Ve boynuma, ince, derin bir öpücük kondurdu.
Nefesim tutuldu. Sanki zaman durmuştu.
Sadece ikimiz vardık orada.
Arka plandan Can’ın sesi geldi, tabii ki dayanamazdı:
“Ya bırakın be kardeşim! Siz bu aşkı yaşarken biz burada duvara mı âşık olalım? Gün ışığım, senle bana yazık değil mi?”
Seher kıkırdadı. Ben kahkahamı tutamadım.
“Can’cığım, aşk insana çiçek açtırır ama seninki hâlâ tohum. Sulamıyorsun çünkü!”
Can hemen laf çarpıttığımı anladı ama ben çoktan Tuğrul’la göz göze gelmiştim tekrar.
“Yemek yiyelim mi birlikte?” dedi sessizce.
Başımı salladım. Ve birlikte üniversiteden çıktık.
Akşam karanlığı şehre yavaş yavaş çökerken, Tuğrul beni şehrin yukarısında bir tepeye götürdü. Işıklar aşağıda, sanki yıldızlar yeryüzüne düşmüş gibiydi. Ben ellerimi montumun cebine sokmuştum, hafifçe rüzgar esiyordu. Ama o yanımdayken, üşümüyordum.
Sessizliğimizi bozan tek şey kalbimizin atışlarıydı.
Sonra… Omzuma dolan bir kol.
Ve sırtımdan belime uzanan bir sıcaklık.
“Buradan şehir bile başka görünüyor…” dedim.
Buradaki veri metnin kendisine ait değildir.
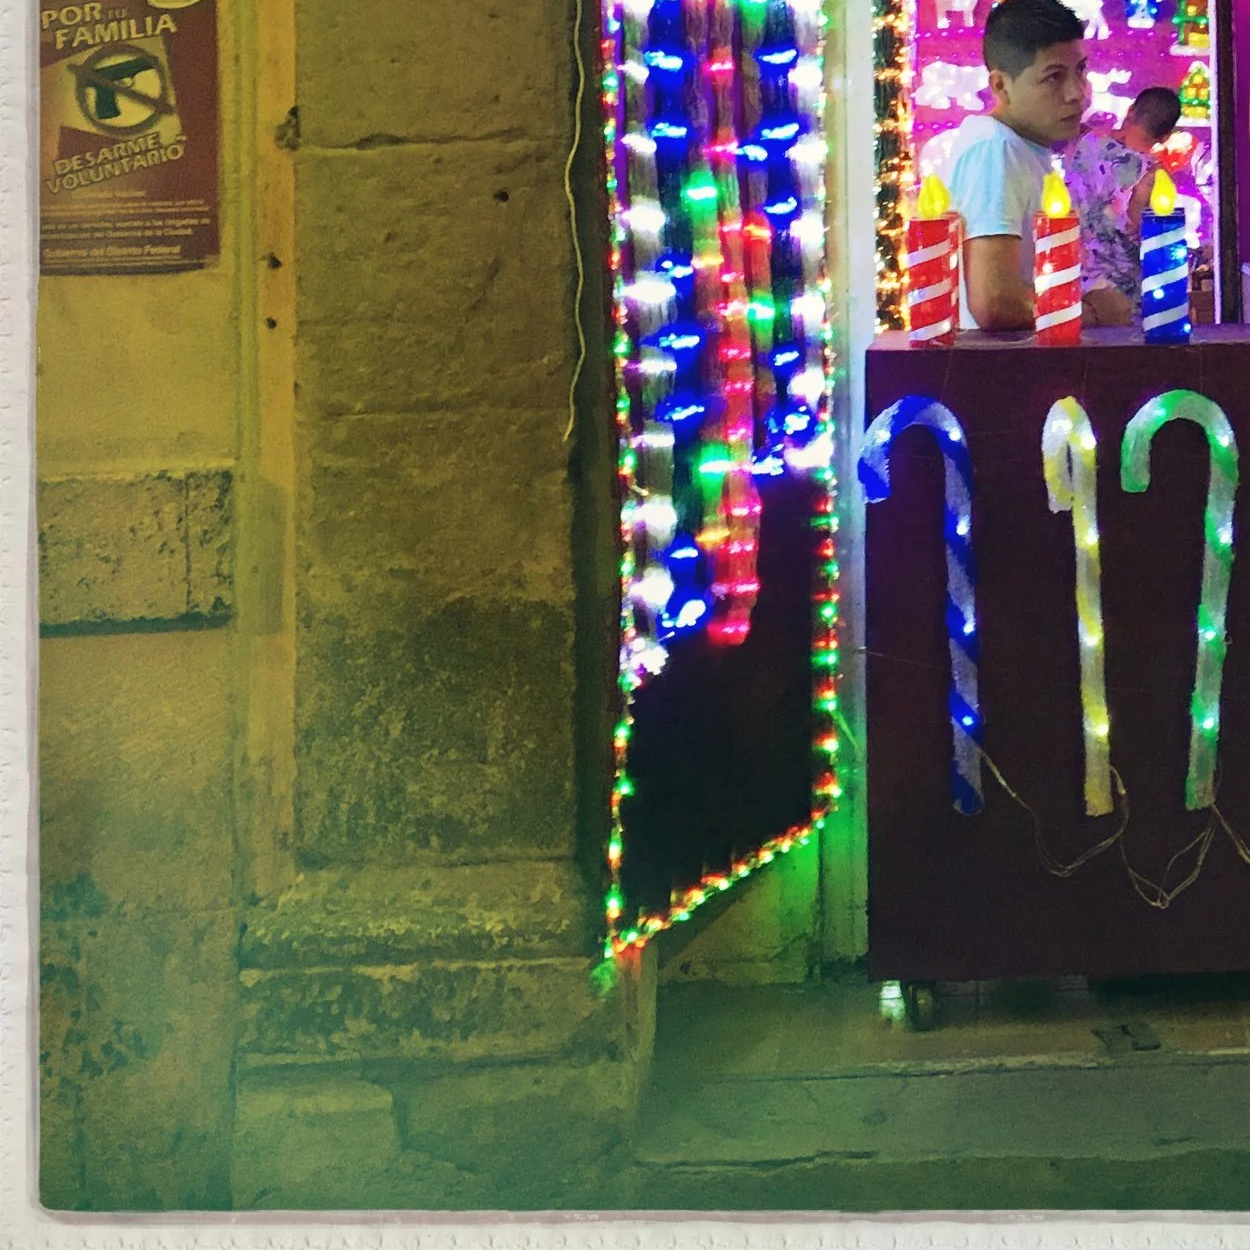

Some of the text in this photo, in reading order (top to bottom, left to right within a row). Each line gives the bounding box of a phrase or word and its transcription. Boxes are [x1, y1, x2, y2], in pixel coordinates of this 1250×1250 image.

[41, 2, 102, 29] POR
[55, 13, 177, 50] FAMILIA
[46, 144, 185, 194] VOLUNTARIO
[53, 133, 160, 175] DESARME
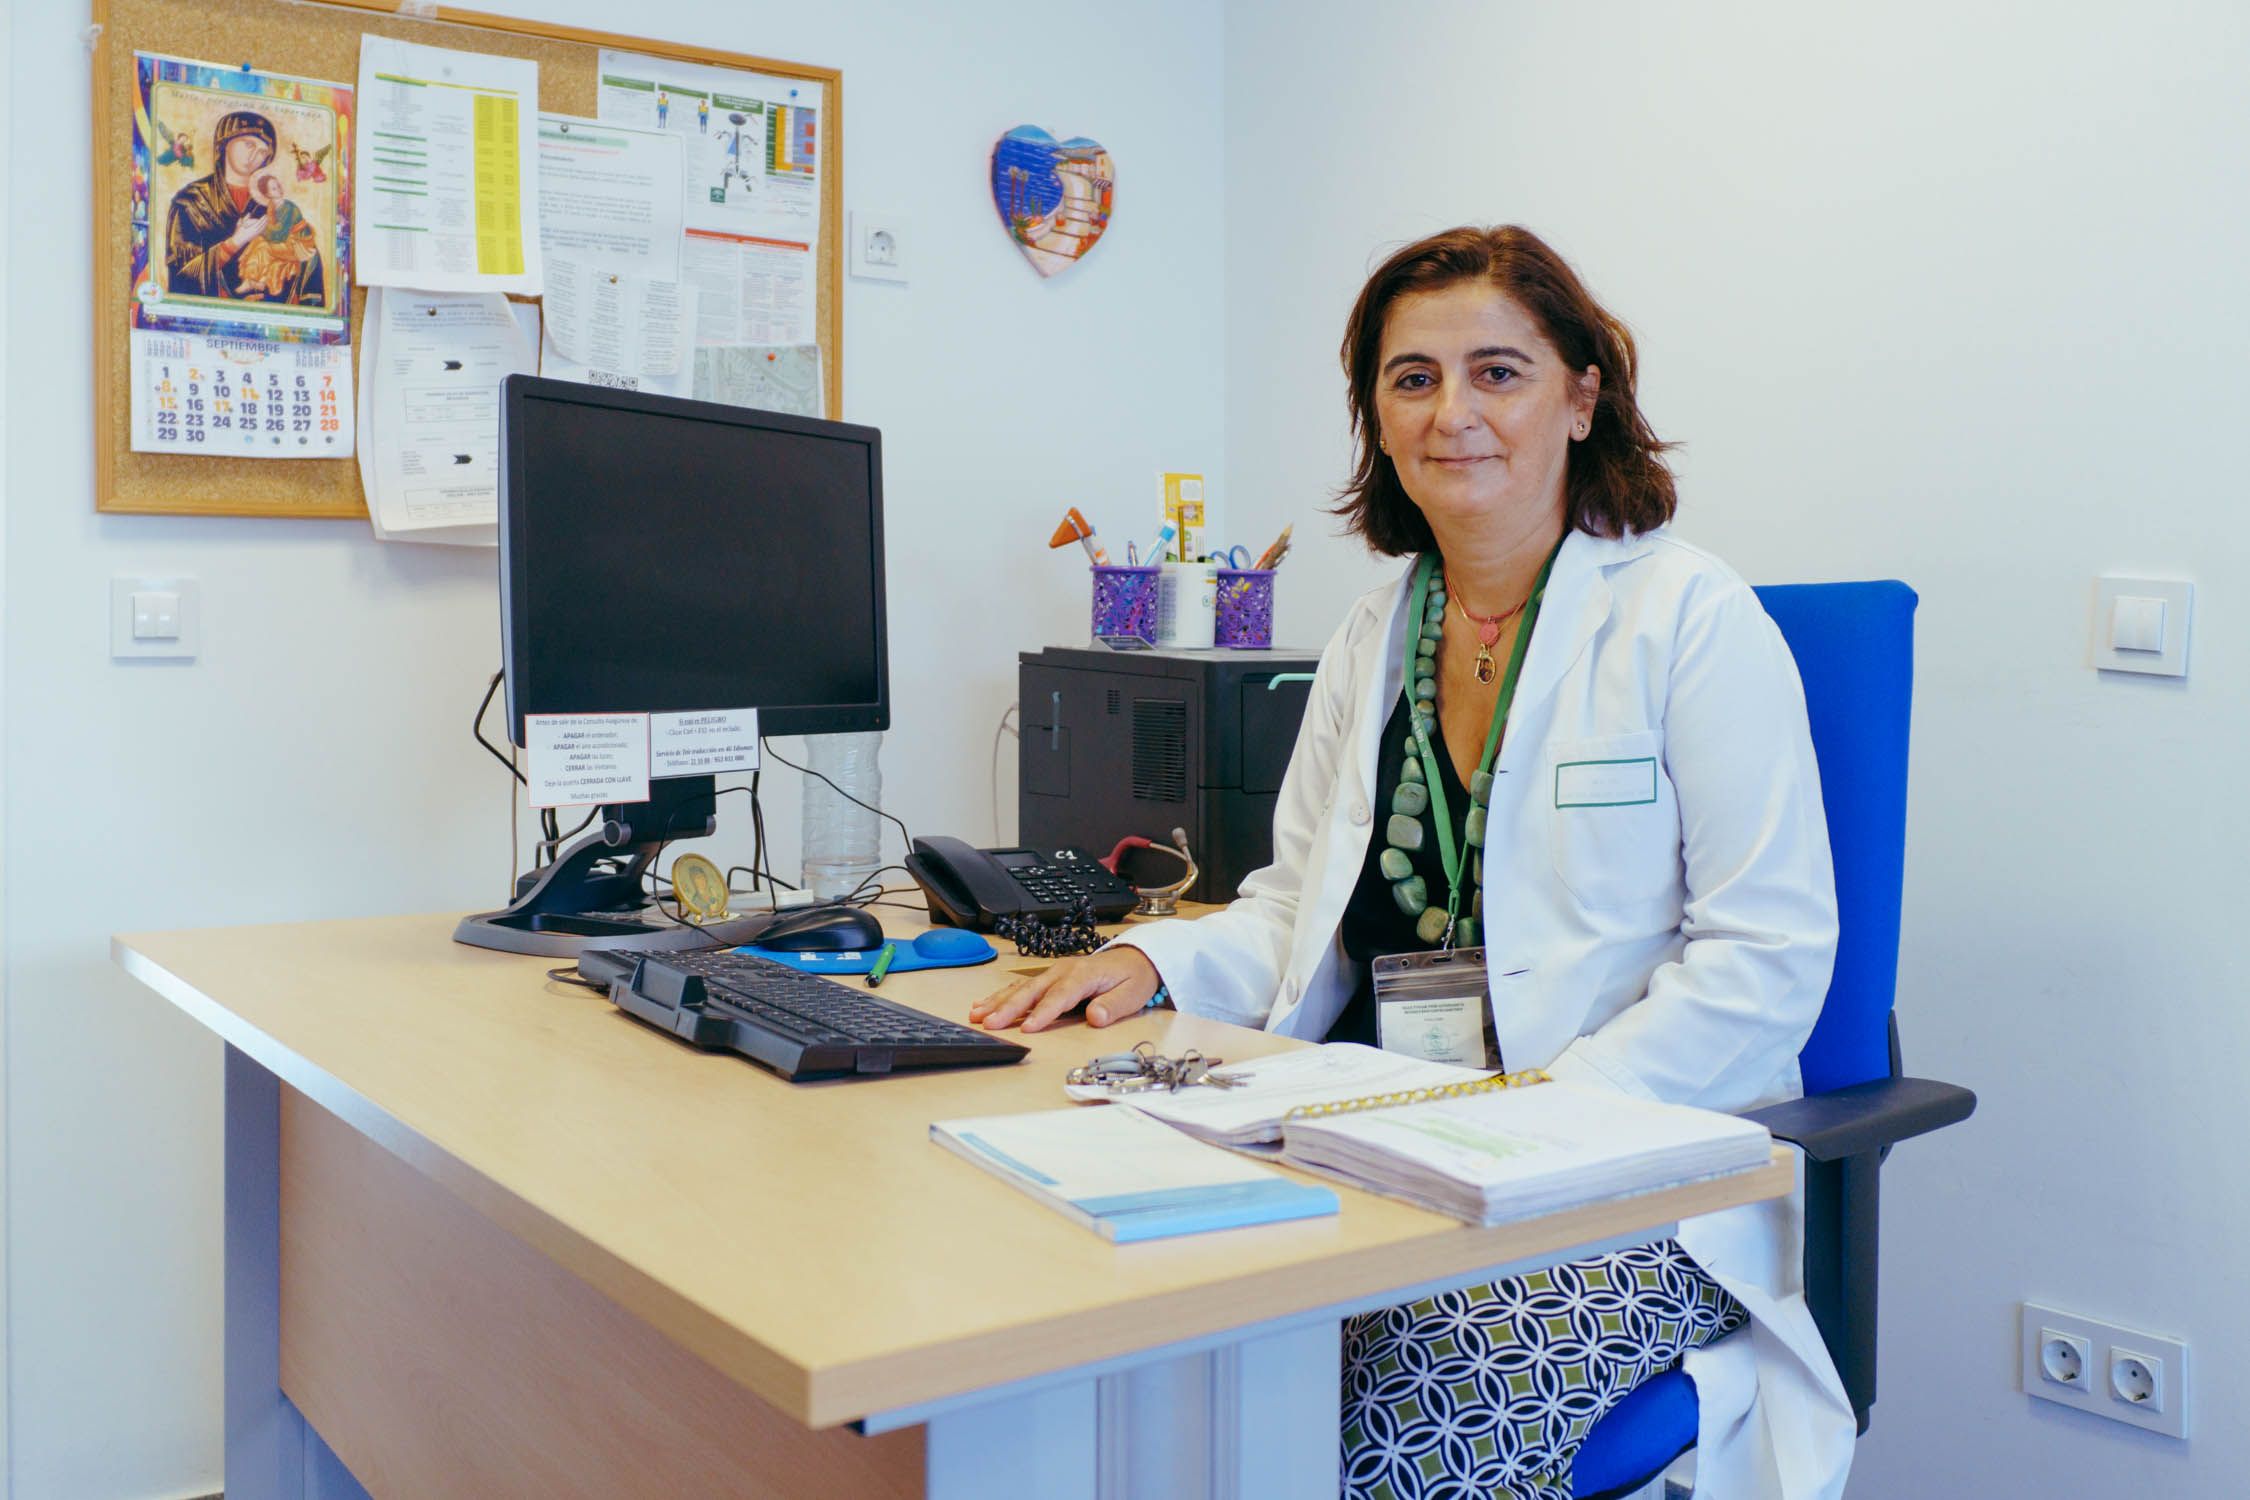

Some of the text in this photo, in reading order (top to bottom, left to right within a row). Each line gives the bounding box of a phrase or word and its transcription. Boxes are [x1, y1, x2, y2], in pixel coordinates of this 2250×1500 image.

Tuğrul başını eğdi, göz göze geldik. Gözleriyle içimi okudu. Ve o an…
Zaman yeniden durdu. Sanki dünya dönerken biz yerimizde kalmıştık.
Yavaşça eğildi. Ve dudaklarımız buluştu.
İlk öpücüğümüz. İlk gerçek, korkusuz temas.
İçimde yıllardır kelebeklerin çırptığı yer, sonunda huzur bulmuştu.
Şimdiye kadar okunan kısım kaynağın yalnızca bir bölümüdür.